Nella tempesta, fidarsi di Gesù - Punto Famiglia

 

LA PICCOLA BARCA IN BALIA DELLE ONDE

Il racconto della tempesta sedata manifesta Gesù come liberatore. L’esercizio di un potere sul mare è, nel Primo Testamento, una delle immagini principali associate al «Dio liberatore». Il rapporto è evidente. L’episodio della tempesta sedata è un miracolo della manifestazione del mistero di Dio che è presente in Gesù. Attraverso Gesù, Dio opera la liberazione, e la opera come liberazione potente.

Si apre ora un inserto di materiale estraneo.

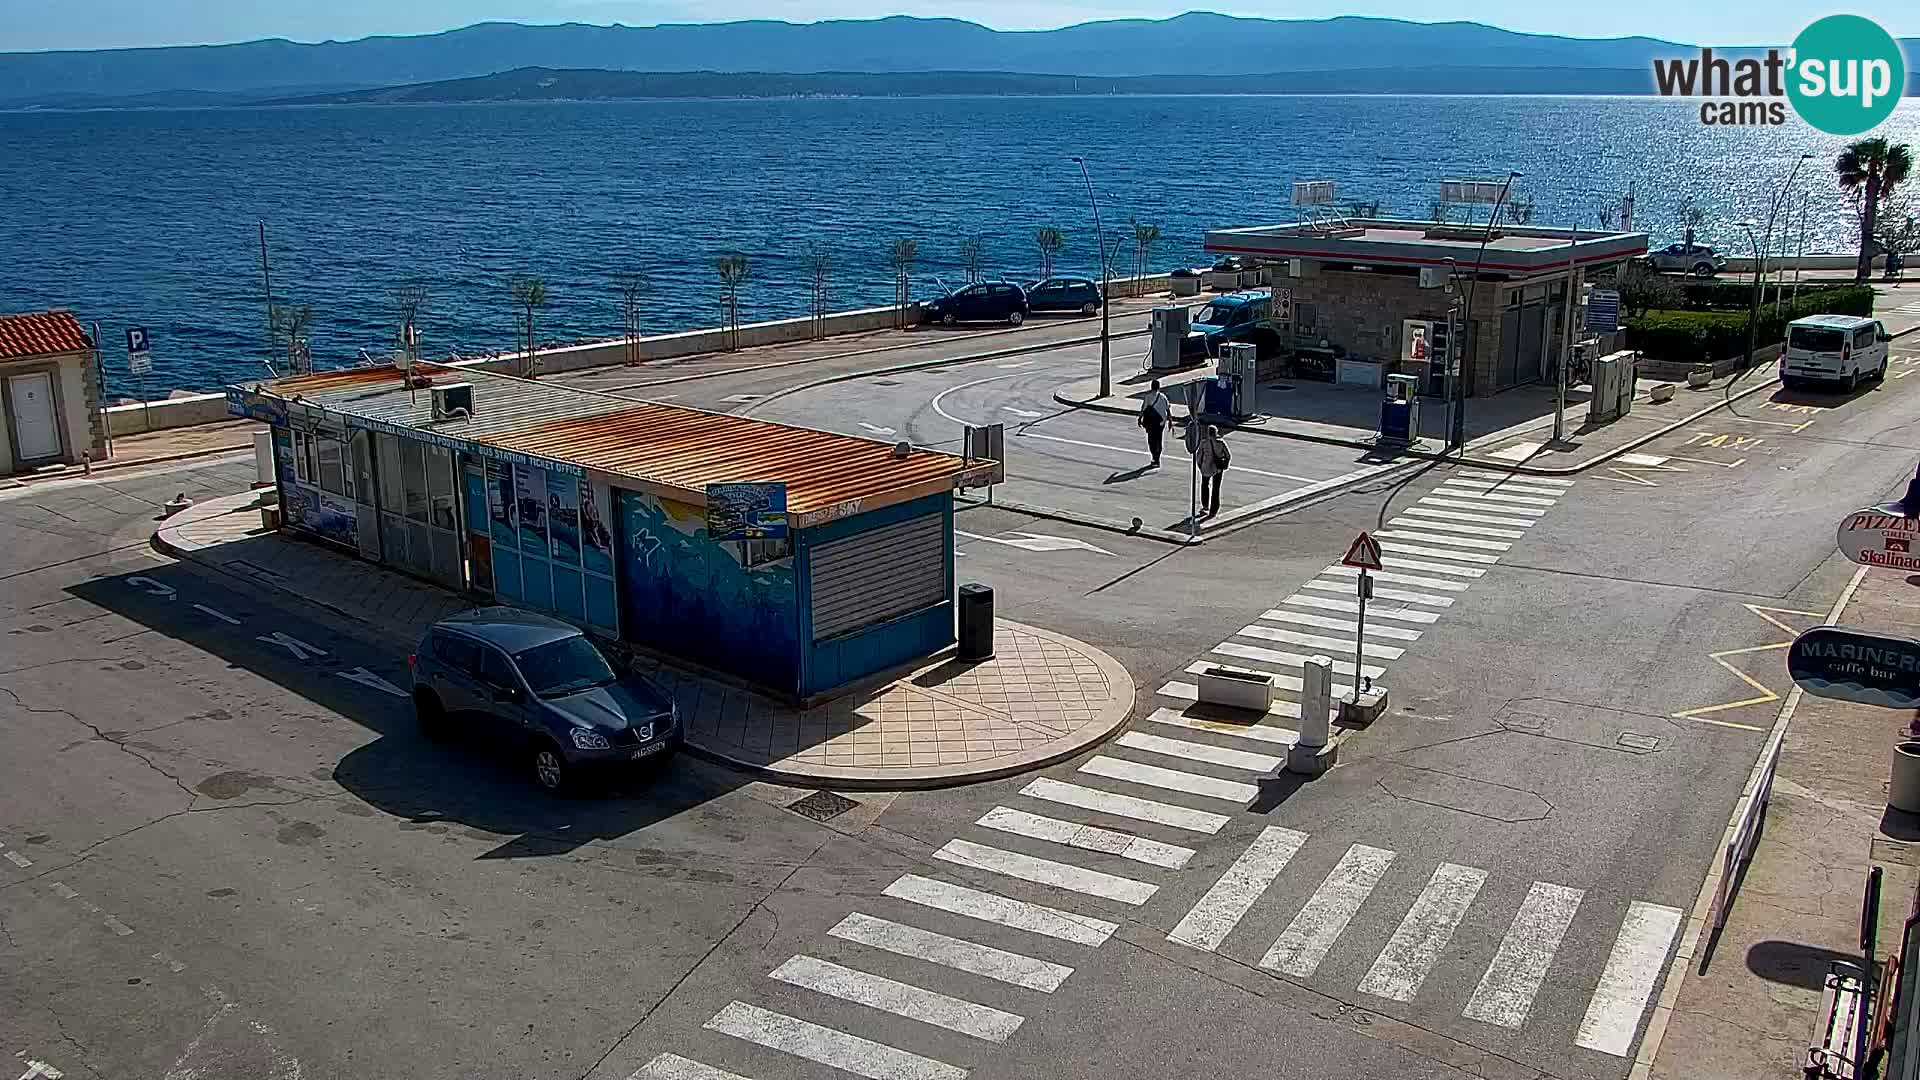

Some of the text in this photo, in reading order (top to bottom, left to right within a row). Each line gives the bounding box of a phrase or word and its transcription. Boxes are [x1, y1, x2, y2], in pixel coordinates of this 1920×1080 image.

[131, 331, 143, 348] P
[1684, 432, 1765, 451] TAXI
[495, 451, 526, 465] STATION
[529, 458, 553, 470] TICKET
[556, 464, 582, 476] OFFICE
[1848, 515, 1920, 533] PIZZE
[1870, 665, 1896, 680] bar

I diversi elementi del brano hanno un valore simbolico: il viaggio in barca è uno dei grandi simboli della vita; il mare è figurativo degli ostacoli: attraversandolo, l’uomo s’imbatte nell’impedimento per antonomasia. Nella mitologia babilonese, non a caso, il mare è rappresentato come mostro. Nei salmi è spesso presente, invece, l’immagine di Dio che ne tiene a bada la forza, che ne custodisce le acque affinché non superino il limite che è stato loro fissato; la piccola barca che si muove in mezzo alle onde, e le onde che la riempiono fino quasi a riempirla, richiamano con immediatezza espressiva la condizione del limite umano di fronte alla grandezza delle forze del mondo.

Il mondo è evidentemente più grande di noi: c’era da prima della nostra esistenza e probabilmente continuerà dopo di noi. I suoi elementi sfuggono al nostro controllo, non si lasciano dominare alle nostre attese. È, appunto, l’immagine evocata da quella piccola barca che appare in balia delle onde: è l’unico luogo di sicurezza nell’insicurezza costitutiva rappresentata dal mare, secondo la tradizione biblica.

Mentre la burrasca imperversa, Gesù è a bordo della barca, a poppa, e dorme. Appare ai presenti (e ai lettori) inspiegabilmente impassibile. È questo contrasto che mette in movimento la dinamica del brano e che stimola quella della nostra fede. È una tensione nota, per esperienza, ad ognuno di noi: il silenzio di Dio esattamente quando avremmo bisogno che parlasse ed intervenisse, che si facesse vedere e sentire. «Perché, Signore, ti tieni lontano, nei momenti di pericolo ti nascondi?», recita in apertura il Salmo 10. Il brano è costruito su questo movimento tra paura e fede: la paura del mare – la tempesta, le onde, la morte – e la fiducia in quella presenza che c’è, ma appare non operante.

È proprio la fede, in questo movimento, a rivelarsi oltre la paura di ciò che non tocchiamo con mano: si rivela come forza più grande di ciò che non possiamo controllare. Ed è l’interrogativo impegnato che il brano ci suscita: riusciamo ad avere fede nell’aiuto del Signore anche se sta “dormendo”, se del suo intervento non vediamo immediatamente gli effetti? Nei momenti critici della vita, davanti a bisogni e preoccupazioni, alla minaccia che ci sovrasta, sino alla realtà della morte incombente, riuscire a custodire la fede è segno del nostro rispondere con verità alla sfida del credere.